It should be the perfect premise for an underdog story of a peaceful tribe holding their own under fire from outside invaders. Then, in the first episode, the Origine tribe we were just introduced to ceases to exist. A ship from the mysterious, futuristic Atlantean tribe crashes in the forest and young Elja finds the dying pilot and a glowing cube that becomes the McGuffin of the entire series.
Though it may look like The 100, the teenybopper feel of the show is utterly eradicated by the end of the pilot. The fearsome, samurai-like Ravens who all have Mad Max-esque black eye makeup storm the Origine camp, slaughtering most everyone and leaving the three siblings stranded on different paths.
When I say slaughter, I mean slaughter. Thanks to Netflix’s streaming platform, this show doesn’t have to conform to network TV violence standards. There are swords plunged down throats, knives haphazardly slashed, and even a castration scene. It’s obvious Tribes of Europa is going for a Game of Thrones feel, which explains the rest of the narrative.
The three children are each on their own separate adventures, cut together much like Game of Thrones’ kingdom-hopping episodes. The catch is each of these storylines seems to be directly inspired by its own classic dystopian story but gives it a menacing, prestige TV twist.
Eldest child Kiano is brought into slavery but is chosen to live among the high classes as a personal favorite of a menacing female Raven named Lord Varvara. This storyline feels straight out of The Hunger Games, as Kiano must watch the decadence and brutal, deadly entertainment of the Ravens before realizing the only way out is to participate. His storyline is the most intriguing, with a twist ending that allows actor Emilio Sakraya to show his impressive masculine yet vulnerable range.
Then there’s Liv, who finds herself in a different sect: the Crimson Republic. The Republic is the multi-cultural haven where drifters from all tribes can co-exist peacefully. But Liv falls in with the Republic’s military, where she has tension with her commander and a secret agenda. It’s much similar to the short-lived dystopian film franchise Divergent, which followed a similar timid girl who joins up with a fearless tribe and flirts with her superior. There’s just a lot more backstabbing.

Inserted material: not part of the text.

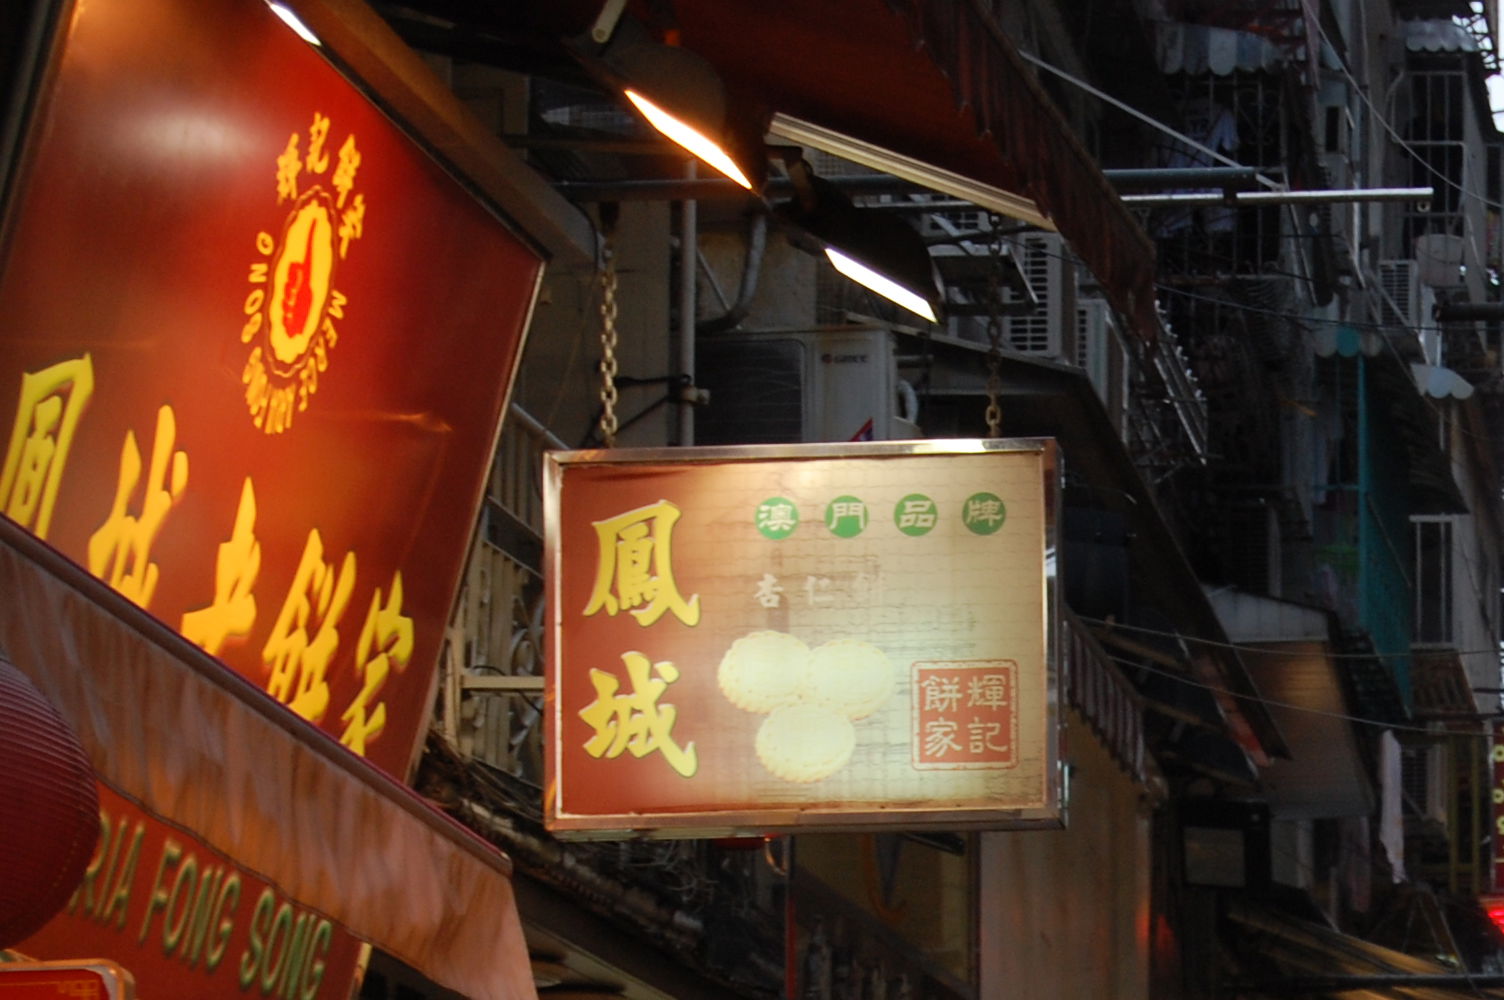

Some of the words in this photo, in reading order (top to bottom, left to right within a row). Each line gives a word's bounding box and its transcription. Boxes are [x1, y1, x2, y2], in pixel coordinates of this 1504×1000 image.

The youngest, Elja, shoulders the burden of the Atlantean cube and the entirety of the sci-fi aspect of the series. He encounters Moses, a traveling merchant who sells the few remaining technological devices on the black market. It’s here that Tribes of Europa seems to buck the YA dystopian stereotype and create something new. Elja’s story is an escort mission that, like all the others, involves twists, turns, and betrayal.
Tribes of Europa proves itself as a spiritual successor to fellow German Netflix sci-fi series Dark, but it also proves it’s growing along with its young adult audience. This isn’t a show to be shelved alongside The 100 or The Society as a teen post-apocalyptic drama. It rightly deserves a place in the major leagues of action-packed, multi-layered drama with The Walking Dead and Game of Thrones.
Considering the success of Dark, Tribes of Europa’s new place as reigning German sci-fi is its to lose. And from the looks of what is hopefully just a first season, it’s not going anywhere.
Tribes of Europa is now streaming on Netflix globally.